The New York Times Book Review called Ralph Ellison: Emergence of Genius by Lawrence Jackson ’90 (John Wiley & Sons, 2002) a “rich, meticulous biography.” Jackson talks about writing the first book
devoted to the early life of the renowned author of Invisible Man.

IIn May of 2002, after legal feuds and delays almost killed the project, I published the first biography of the American author Ralph Ellison. Ellison wrote Invisible Man (1952), a novel depicting the existential odyssey of a young black college student, and a book that is undeniably at the center of 20th–century American narrative fiction. For his ground–breaking achievement, Ellison won the National Book Award. Ellison ranks high among other celebrated African American writers who have not received substantial modern biographical treatment (including Paul Laurence Dunbar, Charles Chesnutt, James Weldon Johnson, Gwendolyn Brooks, Zora Neale Hurston, Toni Morrison, Margaret Walker, Robert Hayden, Ernest Gaines, Amiri Baraka, John Edgar Wideman, Ishmael Reed, and Maya Angelou). But were he alive, I am fairly confident that Ralph Ellison would want no biography, perhaps the reason his estate resisted the project. As John Updike put it, biography of literary figures is one part gossip and one part stale paraphrase, mixed in the juice of literary essays that people invariably agree are better left to examination by crotchety professors.

But Ellison had other reasons to ward off scrutiny. The second half of his career was particularly bitter. He was expected to publish additional novels and he did not, and he opposed the student radicalism and black nationalism of the 1960s and 1970s. Partly to stymie his critics, Ellison always carefully fended off intrusions into his personal life, and he published autobiographical writings that refuted the widely held notions of degradation and rage thought to lie at the core of black American life.

I became aware of Ralph Ellison as a Wesleyan student in Robert O’Meally’s Introduction to African American Studies, a fascinating course held in the spring of 1987 in a rear classroom of 320 High Street. We met twice a week and we did not read Ellison’s opus Invisible Man, which was probably a good thing, since I spent most of the semester marching silently in a line of six for Kappa Alpha Psi. I read nothing more than 25 pages.

During an undergraduate summer, I got around to reading Invisible Man, and I was fascinated by its descriptions of brawling street–corner life, bluestoned comedy, tragedy, and collusion, that cleanly reproduced my hometown of Baltimore. I was intrigued by the contrast between the novel and what I had heard of its author, who appeared to deny steadily the impact of racism. In my early 20s I believed that racism explained everything, so I suspect it was quite natural for me to become intrigued by Ellison’s perspective of dissent.

My academic advisers at Wesleyan had included O’Meally and Jerry Watts, both of whom published books on Ellison.

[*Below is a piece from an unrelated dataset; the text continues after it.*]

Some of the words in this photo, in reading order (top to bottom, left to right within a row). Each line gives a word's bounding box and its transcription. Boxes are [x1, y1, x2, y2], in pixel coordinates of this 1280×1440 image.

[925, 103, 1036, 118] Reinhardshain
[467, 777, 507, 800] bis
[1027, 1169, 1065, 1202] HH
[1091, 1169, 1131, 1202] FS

Writing about the Oklahomaborn Ellison was like contributing to a discussion I had been having with them since my undergraduate days. After a bit of digging, I realized that I might contribute to the conversation by trying to parse historical fact from the legends surrounding Ellison’s youth and early career. I began my graduate dissertation work by visiting Tuskegee, Ala., and then Oklahoma City, Okla., Ellison’s college home and birthplace. I hunted up Ellison’s brother and an old girlfriend in Los Angeles and frequented the home of his college friend Albert Murray. Ellison’s widow denied my requests for an interview. I finished enough of the dissertation to be offered a job at Howard University in Washington, D.C. After the first semester of courses was behind me, I continued to work on the Ellison manuscript.

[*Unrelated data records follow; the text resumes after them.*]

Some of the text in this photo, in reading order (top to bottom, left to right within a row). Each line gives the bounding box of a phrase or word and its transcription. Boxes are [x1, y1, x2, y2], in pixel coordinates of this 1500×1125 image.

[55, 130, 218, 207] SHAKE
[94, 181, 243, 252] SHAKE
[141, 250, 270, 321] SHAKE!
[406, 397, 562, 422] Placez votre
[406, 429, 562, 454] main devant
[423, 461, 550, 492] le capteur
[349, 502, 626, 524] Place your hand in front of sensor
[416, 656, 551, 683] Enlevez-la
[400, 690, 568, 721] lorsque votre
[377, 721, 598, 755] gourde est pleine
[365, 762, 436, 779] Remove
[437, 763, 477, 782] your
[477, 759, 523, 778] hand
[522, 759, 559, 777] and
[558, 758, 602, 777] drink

A young literary agent just starting her practice found a publisher willing to offer a contract to a novice. I wrote the second half of the biography in Baltimore, where I continued to live while teaching at Howard. I spent much of 1999 and 2000 in the rear bedroom of a row house, 10 blocks south of world famous Pimlico Racetrack. Ellison’s life in the 1940s unfolded while my eyes wandered away from the computer screen and out to the young guys from my grandmother’s old neighborhood jogging back and forth to their alley stash of heroin and cocaine. My work on a man considered an elegant “brown–skinned aristocrat” while living in a neighborhood that had seen better days was a condition that certain writers call “Ellisonian,” by which they generally mean a paradox.

But for me, the experience in Baltimore did not only recall the ironic voice of Ellison’s narrator; more remarkably, it paralleled the experiences that Ellison had had as a young writer and political activist. I carried out responsibilities that Ellison had undertaken in the 1930s and 1940s: I spoke at schools and the city jail, wrote editorials for the Sunpapers, and advised grass–roots political campaigns. Both home and Ellison singularly enriched me, and it became quite important to me to recover this part of Ellison’s life.

Writing Ellison’s biography in Baltimore emphasized the deep underlying humanity of people in difficult circumstances and the complex spectrum of black people on the other end of the “middle class.” Ellison’s work is generally seen as an important bridge between blacks and whites, between the narrator hibernating in his cellar and the outside white world. But for me, Invisible Man’s most formidable contribution is to offer, ingeniously, a complex and structured sequence of humanity. Ellison portrays a world of black characters struggling and triumphing against the odds. In viciously segregated Baltimore, it became more fundamentally important for me to understand and rely upon the connections and triumphs that took place between renters and homeowners, heroin shooters and cognac nippers, out–of–work mechanics and teen–age mothers, sick–and–shut–ins and home care providers, community college strivers and disenfranchised parolees, government office workers and 11–yearold corner–boys.

The Ellisonian currents in my life did not end when I left the block for work or research. When I had completed about three–quarters of my manuscript, an internationally celebrated writer was contracted to write a full–scale Ellison biography, with the cooperation of Ellison’s estate. By the summer of 1999 we were sitting side by side at the Library of Congress poring over Ellison’s papers. It was a jarring experience at first, but instead of anxiety and jealousy, I realized that I was moving into a new neighborhood.

My hopes soared for the book, despite the presence of the formidable writer on deck. The periods of Ellison’s life to which I had devoted my research—from 1913 through 1953 (my research strongly suggested that Ellison was born a year earlier than he’d recorded)— had filled me with a sense of urgency and also one of congruence. Ellison and I shared losing a father, earning distinction, a less than fulfilling experience at college, violence and death, alienation and isolation, all of them building to the ultimate struggle for self–defined existence. When it was finished, I found a rare emotional plateau from what amounted to Ellison’s mantra. He inserted himself without fail, and in the face of adversity, he determined not to flinch “before they drew back to strike,” as he told Albert Murray in January of 1952. In writing a book on his life, that’s what I tried to do.

Lawrence Jackson is assistant professor of English at Emory University.